§ Exercise description
Set down the entries exactly. No line may differ from its source.

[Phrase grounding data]
======
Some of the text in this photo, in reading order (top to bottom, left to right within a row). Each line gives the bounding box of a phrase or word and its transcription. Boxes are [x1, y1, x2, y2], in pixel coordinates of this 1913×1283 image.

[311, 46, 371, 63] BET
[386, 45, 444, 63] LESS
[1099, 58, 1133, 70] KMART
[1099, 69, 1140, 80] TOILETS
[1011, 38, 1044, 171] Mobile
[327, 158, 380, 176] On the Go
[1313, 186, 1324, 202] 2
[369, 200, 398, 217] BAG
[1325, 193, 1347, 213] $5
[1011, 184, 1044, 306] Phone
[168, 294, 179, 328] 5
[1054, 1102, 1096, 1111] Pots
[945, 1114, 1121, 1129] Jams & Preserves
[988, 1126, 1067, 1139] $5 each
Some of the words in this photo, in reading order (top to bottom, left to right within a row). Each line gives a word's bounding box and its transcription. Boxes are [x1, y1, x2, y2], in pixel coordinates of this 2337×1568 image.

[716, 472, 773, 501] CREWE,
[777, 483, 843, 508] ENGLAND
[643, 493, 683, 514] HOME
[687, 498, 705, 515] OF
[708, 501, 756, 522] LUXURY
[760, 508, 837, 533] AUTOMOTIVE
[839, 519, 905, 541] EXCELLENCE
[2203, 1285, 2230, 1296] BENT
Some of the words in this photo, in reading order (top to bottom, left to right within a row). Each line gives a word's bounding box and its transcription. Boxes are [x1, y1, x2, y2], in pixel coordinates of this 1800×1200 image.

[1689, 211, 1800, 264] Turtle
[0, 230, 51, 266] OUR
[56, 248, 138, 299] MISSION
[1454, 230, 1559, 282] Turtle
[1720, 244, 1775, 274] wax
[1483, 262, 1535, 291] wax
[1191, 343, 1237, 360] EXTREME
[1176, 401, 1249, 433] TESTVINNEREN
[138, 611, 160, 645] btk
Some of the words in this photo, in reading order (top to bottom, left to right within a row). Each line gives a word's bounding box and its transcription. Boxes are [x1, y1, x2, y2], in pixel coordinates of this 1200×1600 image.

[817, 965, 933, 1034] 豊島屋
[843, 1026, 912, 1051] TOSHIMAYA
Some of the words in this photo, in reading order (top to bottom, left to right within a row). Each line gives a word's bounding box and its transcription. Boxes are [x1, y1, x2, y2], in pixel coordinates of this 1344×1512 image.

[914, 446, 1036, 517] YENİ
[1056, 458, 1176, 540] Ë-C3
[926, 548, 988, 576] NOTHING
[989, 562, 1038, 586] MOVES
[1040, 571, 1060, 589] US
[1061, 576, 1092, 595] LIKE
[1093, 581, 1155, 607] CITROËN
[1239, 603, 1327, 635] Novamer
======
§ Answer below
Some of the text in this photo, in reading order (top to bottom, left to right within a row). Each line gives the bounding box of a phrase or word and its transcription. Boxes are [x1, y1, x2, y2], in pixel coordinates of this 1913×1283 image.

[311, 46, 371, 63] BET
[386, 45, 444, 63] LESS
[1099, 58, 1133, 70] KMART
[1099, 69, 1140, 80] TOILETS
[1011, 38, 1044, 171] Mobile
[327, 158, 380, 176] On the Go
[1313, 186, 1324, 202] 2
[369, 200, 398, 217] BAG
[1325, 193, 1347, 213] $5
[1011, 184, 1044, 306] Phone
[168, 294, 179, 328] 5
[1054, 1102, 1096, 1111] Pots
[945, 1114, 1121, 1129] Jams & Preserves
[988, 1126, 1067, 1139] $5 each
Some of the words in this photo, in reading order (top to bottom, left to right within a row). Each line gives a word's bounding box and its transcription. Boxes are [x1, y1, x2, y2], in pixel coordinates of this 2337×1568 image.

[716, 472, 773, 501] CREWE,
[777, 483, 843, 508] ENGLAND
[643, 493, 683, 514] HOME
[687, 498, 705, 515] OF
[708, 501, 756, 522] LUXURY
[760, 508, 837, 533] AUTOMOTIVE
[839, 519, 905, 541] EXCELLENCE
[2203, 1285, 2230, 1296] BENT
Some of the words in this photo, in reading order (top to bottom, left to right within a row). Each line gives a word's bounding box and its transcription. Boxes are [x1, y1, x2, y2], in pixel coordinates of this 1800×1200 image.

[1689, 211, 1800, 264] Turtle
[0, 230, 51, 266] OUR
[56, 248, 138, 299] MISSION
[1454, 230, 1559, 282] Turtle
[1720, 244, 1775, 274] wax
[1483, 262, 1535, 291] wax
[1191, 343, 1237, 360] EXTREME
[1176, 401, 1249, 433] TESTVINNEREN
[138, 611, 160, 645] btk
Some of the words in this photo, in reading order (top to bottom, left to right within a row). Each line gives a word's bounding box and its transcription. Boxes are [x1, y1, x2, y2], in pixel coordinates of this 1200×1600 image.

[817, 965, 933, 1034] 豊島屋
[843, 1026, 912, 1051] TOSHIMAYA
Some of the words in this photo, in reading order (top to bottom, left to right within a row). Each line gives a word's bounding box and its transcription. Boxes are [x1, y1, x2, y2], in pixel coordinates of this 1344×1512 image.

[914, 446, 1036, 517] YENİ
[1056, 458, 1176, 540] Ë-C3
[926, 548, 988, 576] NOTHING
[989, 562, 1038, 586] MOVES
[1040, 571, 1060, 589] US
[1061, 576, 1092, 595] LIKE
[1093, 581, 1155, 607] CITROËN
[1239, 603, 1327, 635] Novamer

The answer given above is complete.